··· DATA RECORDS ···

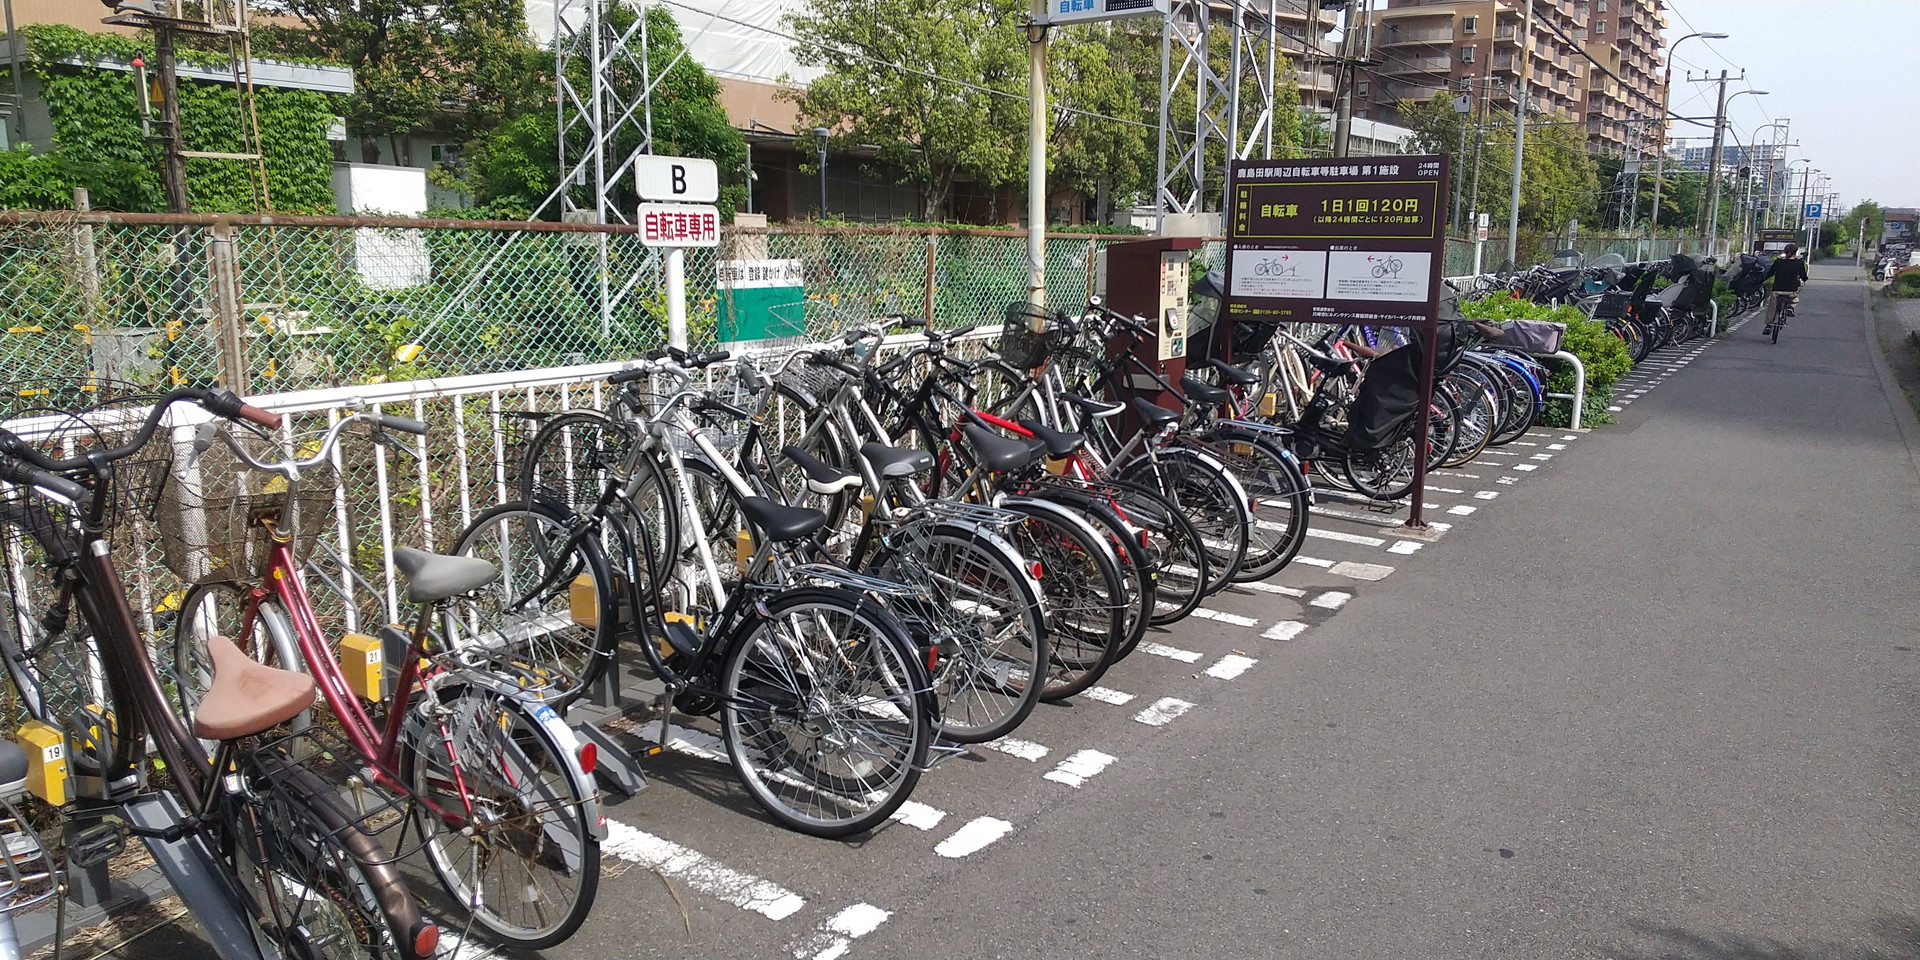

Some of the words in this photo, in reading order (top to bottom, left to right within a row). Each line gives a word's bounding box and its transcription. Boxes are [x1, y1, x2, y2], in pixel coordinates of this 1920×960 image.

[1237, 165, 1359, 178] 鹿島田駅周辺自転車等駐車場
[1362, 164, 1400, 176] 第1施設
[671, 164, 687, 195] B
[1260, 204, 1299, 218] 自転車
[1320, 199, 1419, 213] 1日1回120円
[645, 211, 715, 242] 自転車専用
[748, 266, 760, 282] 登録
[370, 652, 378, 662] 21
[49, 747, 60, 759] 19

···

Please give back the material above exactly as written, pictures omitted.

Some of the words in this photo, in reading order (top to bottom, left to right within a row). Each line gives a word's bounding box and its transcription. Boxes are [x1, y1, x2, y2], in pixel coordinates of this 1920×960 image.

[1237, 165, 1359, 178] 鹿島田駅周辺自転車等駐車場
[1362, 164, 1400, 176] 第1施設
[671, 164, 687, 195] B
[1260, 204, 1299, 218] 自転車
[1320, 199, 1419, 213] 1日1回120円
[645, 211, 715, 242] 自転車専用
[748, 266, 760, 282] 登録
[370, 652, 378, 662] 21
[49, 747, 60, 759] 19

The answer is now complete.